▶ _WORK INSTRUCTION_
Nothing but the lines from the one containing "this 1280×1440 image." through the last line of the entries should appear in the output, each verbatim.

▶ _GIVEN DATA_
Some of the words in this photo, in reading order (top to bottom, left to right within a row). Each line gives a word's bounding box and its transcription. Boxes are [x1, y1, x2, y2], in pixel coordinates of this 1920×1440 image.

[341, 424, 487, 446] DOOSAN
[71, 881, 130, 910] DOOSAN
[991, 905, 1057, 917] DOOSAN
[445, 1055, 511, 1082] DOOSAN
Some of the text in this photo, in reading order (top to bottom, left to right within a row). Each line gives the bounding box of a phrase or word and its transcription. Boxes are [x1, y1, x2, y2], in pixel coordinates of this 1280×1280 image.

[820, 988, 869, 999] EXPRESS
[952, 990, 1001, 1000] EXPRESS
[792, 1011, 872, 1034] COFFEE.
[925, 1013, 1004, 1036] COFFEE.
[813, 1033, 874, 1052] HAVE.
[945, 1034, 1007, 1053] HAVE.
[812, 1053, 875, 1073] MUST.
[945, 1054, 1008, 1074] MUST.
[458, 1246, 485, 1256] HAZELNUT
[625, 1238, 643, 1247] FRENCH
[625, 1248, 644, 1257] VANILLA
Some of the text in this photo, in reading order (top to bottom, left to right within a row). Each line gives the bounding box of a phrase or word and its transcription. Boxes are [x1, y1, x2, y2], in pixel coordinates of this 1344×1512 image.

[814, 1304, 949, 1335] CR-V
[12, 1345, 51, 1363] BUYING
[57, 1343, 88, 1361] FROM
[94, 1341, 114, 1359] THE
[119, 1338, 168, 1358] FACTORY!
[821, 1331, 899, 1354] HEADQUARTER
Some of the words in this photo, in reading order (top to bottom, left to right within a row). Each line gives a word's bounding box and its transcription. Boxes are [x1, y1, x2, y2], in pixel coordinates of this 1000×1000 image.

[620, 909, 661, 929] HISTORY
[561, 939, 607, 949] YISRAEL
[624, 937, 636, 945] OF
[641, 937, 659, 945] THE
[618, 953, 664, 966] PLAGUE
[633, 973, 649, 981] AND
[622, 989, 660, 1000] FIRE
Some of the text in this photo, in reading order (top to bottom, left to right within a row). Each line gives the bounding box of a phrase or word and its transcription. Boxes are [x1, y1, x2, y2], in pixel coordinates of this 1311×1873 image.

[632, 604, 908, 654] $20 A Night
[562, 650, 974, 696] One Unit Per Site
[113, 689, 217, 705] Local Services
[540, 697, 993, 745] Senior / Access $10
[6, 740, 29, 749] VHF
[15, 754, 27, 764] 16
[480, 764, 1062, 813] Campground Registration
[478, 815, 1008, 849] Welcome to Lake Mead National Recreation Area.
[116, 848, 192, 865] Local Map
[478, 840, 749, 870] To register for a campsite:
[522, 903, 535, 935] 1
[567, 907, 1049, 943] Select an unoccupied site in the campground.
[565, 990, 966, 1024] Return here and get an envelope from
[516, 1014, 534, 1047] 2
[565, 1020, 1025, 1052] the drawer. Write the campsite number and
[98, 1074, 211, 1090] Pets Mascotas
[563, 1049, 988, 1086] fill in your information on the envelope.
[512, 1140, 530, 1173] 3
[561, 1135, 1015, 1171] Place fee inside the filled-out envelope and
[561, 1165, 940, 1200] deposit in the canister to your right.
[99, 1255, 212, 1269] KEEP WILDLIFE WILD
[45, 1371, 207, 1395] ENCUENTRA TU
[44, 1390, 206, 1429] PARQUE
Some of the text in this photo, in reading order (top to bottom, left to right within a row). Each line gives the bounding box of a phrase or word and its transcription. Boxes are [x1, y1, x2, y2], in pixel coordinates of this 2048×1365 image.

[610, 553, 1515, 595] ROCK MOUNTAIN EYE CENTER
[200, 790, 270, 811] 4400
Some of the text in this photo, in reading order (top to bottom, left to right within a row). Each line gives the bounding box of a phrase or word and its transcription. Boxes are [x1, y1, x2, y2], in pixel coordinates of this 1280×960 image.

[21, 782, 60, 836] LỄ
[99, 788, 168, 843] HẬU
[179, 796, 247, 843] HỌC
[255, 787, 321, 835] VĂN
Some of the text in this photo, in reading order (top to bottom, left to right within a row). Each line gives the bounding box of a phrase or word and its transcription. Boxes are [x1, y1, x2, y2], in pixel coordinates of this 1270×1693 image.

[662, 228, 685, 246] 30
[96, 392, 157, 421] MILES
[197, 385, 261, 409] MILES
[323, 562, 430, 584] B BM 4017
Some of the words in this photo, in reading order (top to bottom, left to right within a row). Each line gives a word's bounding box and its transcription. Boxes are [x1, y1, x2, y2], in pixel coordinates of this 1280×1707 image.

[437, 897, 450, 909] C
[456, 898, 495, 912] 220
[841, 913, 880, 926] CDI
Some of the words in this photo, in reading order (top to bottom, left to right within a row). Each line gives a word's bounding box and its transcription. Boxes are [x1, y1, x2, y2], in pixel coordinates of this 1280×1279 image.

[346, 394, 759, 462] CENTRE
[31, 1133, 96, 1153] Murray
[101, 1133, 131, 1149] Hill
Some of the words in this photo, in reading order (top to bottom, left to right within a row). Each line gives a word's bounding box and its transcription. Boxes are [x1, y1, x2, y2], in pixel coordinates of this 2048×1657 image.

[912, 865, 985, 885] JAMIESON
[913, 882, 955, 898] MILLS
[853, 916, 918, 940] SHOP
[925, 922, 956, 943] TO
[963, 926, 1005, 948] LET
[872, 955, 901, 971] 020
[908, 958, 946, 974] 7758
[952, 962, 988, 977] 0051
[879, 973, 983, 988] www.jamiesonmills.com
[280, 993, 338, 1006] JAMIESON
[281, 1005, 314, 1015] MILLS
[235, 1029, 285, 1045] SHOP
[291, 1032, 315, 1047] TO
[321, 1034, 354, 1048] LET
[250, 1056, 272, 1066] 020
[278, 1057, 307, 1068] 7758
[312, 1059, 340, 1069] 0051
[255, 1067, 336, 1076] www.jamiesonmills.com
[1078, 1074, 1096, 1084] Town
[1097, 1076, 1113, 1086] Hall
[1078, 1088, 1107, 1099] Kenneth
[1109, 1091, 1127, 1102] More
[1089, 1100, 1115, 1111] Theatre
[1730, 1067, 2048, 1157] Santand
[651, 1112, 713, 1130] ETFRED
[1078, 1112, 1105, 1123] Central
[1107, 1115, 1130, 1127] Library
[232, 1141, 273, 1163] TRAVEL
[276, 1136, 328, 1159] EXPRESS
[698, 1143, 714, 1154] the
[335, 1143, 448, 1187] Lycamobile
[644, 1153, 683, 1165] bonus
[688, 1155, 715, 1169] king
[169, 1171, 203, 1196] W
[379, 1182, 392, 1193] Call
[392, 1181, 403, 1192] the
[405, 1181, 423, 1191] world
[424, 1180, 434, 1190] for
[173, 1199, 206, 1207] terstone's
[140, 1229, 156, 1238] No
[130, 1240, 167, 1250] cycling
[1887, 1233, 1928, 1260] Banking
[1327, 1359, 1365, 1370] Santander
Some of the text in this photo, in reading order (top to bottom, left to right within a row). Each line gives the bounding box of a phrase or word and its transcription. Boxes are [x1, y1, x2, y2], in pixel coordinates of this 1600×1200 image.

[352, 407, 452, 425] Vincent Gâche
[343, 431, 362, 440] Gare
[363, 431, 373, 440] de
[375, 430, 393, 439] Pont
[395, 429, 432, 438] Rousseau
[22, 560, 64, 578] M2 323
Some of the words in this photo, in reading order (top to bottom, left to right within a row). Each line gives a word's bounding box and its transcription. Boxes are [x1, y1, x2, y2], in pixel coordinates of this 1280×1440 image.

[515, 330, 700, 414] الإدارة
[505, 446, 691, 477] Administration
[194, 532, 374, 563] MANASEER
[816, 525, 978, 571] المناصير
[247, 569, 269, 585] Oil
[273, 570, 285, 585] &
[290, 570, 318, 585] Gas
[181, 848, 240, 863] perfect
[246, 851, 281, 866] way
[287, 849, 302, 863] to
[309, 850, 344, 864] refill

▶ _SOLUTION FOR THIS PROBLEM_
Some of the words in this photo, in reading order (top to bottom, left to right within a row). Each line gives a word's bounding box and its transcription. Boxes are [x1, y1, x2, y2], in pixel coordinates of this 1280×1440 image.

[515, 330, 700, 414] الإدارة
[505, 446, 691, 477] Administration
[194, 532, 374, 563] MANASEER
[816, 525, 978, 571] المناصير
[247, 569, 269, 585] Oil
[273, 570, 285, 585] &
[290, 570, 318, 585] Gas
[181, 848, 240, 863] perfect
[246, 851, 281, 866] way
[287, 849, 302, 863] to
[309, 850, 344, 864] refill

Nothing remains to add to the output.